Clinton-Gore task force on right track for overhauling federal government.

WASHINGTON -- President Bill Clinton and his sidekick Al Gore start with the wrong premise, but you have to like many of the ideas they came up with in their plan to "reinvent government."

The Clintonites begin with a belief that big government is an essential fact of life in a 20th century industrial state, and that an activist army of bureaucrats can make life better for the nation's citizens. The aim is to make the government work better, not overhaul its mission.

"Today, the central issue we face is not what government does, but how it works," in the words of the 168-page final report issued by the Vice President's task force.
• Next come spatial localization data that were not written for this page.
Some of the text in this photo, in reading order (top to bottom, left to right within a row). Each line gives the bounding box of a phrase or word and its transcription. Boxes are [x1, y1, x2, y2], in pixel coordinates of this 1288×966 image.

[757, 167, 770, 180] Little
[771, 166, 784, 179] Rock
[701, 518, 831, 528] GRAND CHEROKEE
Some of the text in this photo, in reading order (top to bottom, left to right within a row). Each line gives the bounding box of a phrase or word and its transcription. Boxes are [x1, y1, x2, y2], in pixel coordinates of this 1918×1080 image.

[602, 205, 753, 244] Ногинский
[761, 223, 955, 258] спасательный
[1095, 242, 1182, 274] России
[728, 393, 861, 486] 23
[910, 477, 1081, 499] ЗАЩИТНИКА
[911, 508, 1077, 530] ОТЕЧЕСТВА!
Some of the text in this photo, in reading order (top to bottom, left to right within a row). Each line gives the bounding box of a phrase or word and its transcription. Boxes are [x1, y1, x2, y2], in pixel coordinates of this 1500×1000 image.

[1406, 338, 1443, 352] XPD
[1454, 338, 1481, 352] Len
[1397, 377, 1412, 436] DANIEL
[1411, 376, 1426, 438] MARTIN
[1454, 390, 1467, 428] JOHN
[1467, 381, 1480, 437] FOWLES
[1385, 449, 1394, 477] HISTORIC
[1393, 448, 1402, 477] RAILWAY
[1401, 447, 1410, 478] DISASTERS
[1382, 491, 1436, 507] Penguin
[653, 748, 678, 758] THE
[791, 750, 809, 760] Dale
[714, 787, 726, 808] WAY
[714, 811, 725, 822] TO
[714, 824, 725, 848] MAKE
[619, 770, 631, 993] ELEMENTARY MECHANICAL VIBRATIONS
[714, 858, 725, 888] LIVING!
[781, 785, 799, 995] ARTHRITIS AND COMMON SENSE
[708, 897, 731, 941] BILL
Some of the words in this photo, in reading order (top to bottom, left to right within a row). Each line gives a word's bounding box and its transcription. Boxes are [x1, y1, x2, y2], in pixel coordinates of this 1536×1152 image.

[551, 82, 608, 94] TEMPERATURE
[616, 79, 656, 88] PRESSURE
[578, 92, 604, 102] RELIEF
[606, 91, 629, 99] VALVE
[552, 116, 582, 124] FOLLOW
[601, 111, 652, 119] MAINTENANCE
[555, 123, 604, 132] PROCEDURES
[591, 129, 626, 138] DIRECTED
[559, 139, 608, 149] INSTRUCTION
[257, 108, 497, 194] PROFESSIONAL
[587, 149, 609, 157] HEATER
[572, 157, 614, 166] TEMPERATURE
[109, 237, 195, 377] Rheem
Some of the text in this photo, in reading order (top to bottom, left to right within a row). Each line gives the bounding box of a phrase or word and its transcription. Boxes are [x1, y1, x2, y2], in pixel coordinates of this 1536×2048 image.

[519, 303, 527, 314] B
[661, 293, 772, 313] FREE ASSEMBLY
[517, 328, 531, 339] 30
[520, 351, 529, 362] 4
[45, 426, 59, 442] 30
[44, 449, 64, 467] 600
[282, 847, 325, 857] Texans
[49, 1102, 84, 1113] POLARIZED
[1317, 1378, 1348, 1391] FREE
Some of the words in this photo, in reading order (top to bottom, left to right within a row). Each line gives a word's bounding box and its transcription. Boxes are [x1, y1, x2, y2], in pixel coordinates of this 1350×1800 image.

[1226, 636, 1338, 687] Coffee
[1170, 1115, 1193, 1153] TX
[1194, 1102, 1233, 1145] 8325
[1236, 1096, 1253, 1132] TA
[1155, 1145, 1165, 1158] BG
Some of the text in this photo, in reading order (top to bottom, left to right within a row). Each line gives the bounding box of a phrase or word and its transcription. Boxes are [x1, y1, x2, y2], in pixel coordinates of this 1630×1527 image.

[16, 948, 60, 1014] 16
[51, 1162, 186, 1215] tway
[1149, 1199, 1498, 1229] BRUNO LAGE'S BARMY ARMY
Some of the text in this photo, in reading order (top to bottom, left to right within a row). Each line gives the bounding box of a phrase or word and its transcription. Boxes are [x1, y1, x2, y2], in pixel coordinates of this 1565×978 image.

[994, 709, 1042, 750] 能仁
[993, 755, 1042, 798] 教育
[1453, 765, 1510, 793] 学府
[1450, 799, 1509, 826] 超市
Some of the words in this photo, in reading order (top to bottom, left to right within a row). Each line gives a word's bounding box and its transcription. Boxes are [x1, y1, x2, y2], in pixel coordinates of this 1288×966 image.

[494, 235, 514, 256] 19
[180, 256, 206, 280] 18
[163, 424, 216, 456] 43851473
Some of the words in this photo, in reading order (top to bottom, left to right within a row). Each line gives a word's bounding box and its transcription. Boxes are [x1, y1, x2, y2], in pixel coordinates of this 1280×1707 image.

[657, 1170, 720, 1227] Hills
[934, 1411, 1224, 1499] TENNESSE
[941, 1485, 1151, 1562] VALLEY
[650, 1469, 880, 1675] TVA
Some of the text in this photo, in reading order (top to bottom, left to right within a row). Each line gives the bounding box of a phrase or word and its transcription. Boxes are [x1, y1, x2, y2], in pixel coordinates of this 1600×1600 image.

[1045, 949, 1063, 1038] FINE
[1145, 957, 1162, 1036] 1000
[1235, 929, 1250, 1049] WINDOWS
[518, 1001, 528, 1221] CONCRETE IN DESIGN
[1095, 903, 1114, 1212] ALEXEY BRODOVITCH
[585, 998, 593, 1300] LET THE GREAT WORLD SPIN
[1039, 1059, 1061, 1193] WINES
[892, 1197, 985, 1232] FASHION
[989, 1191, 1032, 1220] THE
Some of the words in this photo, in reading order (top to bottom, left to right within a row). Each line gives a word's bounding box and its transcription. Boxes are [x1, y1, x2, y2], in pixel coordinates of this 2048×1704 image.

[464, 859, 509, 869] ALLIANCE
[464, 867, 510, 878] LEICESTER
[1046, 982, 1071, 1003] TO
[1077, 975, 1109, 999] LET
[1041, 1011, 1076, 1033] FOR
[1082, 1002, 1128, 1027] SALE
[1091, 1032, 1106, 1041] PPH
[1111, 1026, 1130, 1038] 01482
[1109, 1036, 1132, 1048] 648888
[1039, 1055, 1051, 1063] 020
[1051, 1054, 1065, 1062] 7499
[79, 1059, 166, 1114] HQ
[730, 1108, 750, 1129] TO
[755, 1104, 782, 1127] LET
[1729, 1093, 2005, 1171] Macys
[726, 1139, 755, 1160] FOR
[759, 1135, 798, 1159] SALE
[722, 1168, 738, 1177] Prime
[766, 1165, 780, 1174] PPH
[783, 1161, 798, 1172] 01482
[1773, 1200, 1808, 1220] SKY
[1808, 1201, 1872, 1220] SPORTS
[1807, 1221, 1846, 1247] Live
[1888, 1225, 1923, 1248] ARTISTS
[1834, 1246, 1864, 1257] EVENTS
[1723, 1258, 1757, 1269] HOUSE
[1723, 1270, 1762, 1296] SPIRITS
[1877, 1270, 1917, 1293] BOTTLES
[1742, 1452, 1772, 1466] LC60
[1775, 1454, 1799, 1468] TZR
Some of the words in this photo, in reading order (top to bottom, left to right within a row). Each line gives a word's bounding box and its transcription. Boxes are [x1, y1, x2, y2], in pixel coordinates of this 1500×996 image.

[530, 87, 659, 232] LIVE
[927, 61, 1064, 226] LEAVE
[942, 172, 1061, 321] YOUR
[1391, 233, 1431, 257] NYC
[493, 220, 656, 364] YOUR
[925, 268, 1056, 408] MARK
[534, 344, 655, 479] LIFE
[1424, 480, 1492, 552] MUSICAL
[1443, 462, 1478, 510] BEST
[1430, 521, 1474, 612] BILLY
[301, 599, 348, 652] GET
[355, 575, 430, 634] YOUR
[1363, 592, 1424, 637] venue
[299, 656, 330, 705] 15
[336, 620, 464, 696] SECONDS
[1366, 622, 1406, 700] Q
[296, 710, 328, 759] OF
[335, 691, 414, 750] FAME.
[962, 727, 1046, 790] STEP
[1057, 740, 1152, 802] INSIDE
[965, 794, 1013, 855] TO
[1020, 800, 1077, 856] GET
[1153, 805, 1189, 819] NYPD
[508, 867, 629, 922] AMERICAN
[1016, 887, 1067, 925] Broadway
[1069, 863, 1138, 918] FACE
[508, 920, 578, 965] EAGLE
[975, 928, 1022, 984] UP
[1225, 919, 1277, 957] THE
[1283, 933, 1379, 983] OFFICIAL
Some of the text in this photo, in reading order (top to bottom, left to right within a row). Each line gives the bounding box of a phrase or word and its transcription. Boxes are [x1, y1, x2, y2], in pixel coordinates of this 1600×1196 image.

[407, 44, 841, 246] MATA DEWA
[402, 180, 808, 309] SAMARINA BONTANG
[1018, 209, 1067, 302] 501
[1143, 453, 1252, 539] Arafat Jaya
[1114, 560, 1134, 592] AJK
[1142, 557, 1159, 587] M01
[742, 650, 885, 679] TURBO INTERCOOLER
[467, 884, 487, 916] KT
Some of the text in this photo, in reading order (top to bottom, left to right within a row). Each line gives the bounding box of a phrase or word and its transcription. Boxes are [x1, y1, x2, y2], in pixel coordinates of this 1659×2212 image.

This is, at best, a dubious proposition for a government that plans to redistribute $1.42 trillion in taxpayer dollars this year and borrow another $263 billion from the public to top off the tank of government service. It is a national budget that exceeds the entire gross domestic product of Germany, the world's third largest economy.

Today's federal government is run by 2.1 million civilian employees, 800,000 postal workers, and 1.8 million military personnel -- the largest segment of the U.S. work force.

Those in the military are already getting squeezed by Clinton's shrinking defense budget, and an overhaul of the U.S. Postal Service is sending middle managers packing. But federal civilian workers have been comfortably immune from the sweeping job losses experienced most members of the corporate sector from IMB Corp. to General Motors.

So the Clinton administration deserves credit for acknowledging that the way the government does business is in great need of overhaul, not because of any shortcomings among the employees themselves, but because a ponderous and inefficient system has been built up over the years.

"Counting all personnel, budget, procurement, accounting, auditing, and headquarters staff, plus supervisory personnel in field offices, there are roughly 700,000 federal employees whose job it is to manage, control, check up or audit others." says the Gore task force report. "This is one-third of all federal civilian employees."

The report calls for eliminating through buyouts and early retirement some 250,000 federal jobs over the next five years, a 12% reduction that would bring the civilian work force below 2 million for the first time since 1966.

Most of these jobs would be in middle-management, white-collar positions, which is why federal unions representing lower-grade workers generally applauded the plan. Workers who actually deliver services to the public would generally keep their jobs.

Besides slashing the federal work force, the administration committed itself to a host of much needed reforms that can be implemented either by executive order of the President or through legislation. Administration officials, briefing reporters, conceded that the task will not be easy, and many of the anticipated savings to taxpayers will require legislation.

Still, the proposals are out on the table for public discussion, and many of them make sense. They would simplify government budgeting techniques, cutting back on paperwork costs and making it easter for agencies to put money where it is needed. They would make it easter for federal agencies to buy goods and services from private vendors, eliminate internal regulations that overlap, and give states and local governments greater flexibility to use federal funds.

Other proposed changes seek to give government workers greater latitude to make decisions on their own and to treat taxpayers like customers, instead of worrying about red tape that stifles initiative. Many federal agencies would be consolidated, and a number of field offices would be closed.

Republican leaders welcomed the proposals, giving Clinton a solid bipartisan base to get the needed legislation. If President Nixon could go to China, Clinton may succeed in the politically popular role of taking a whack at government.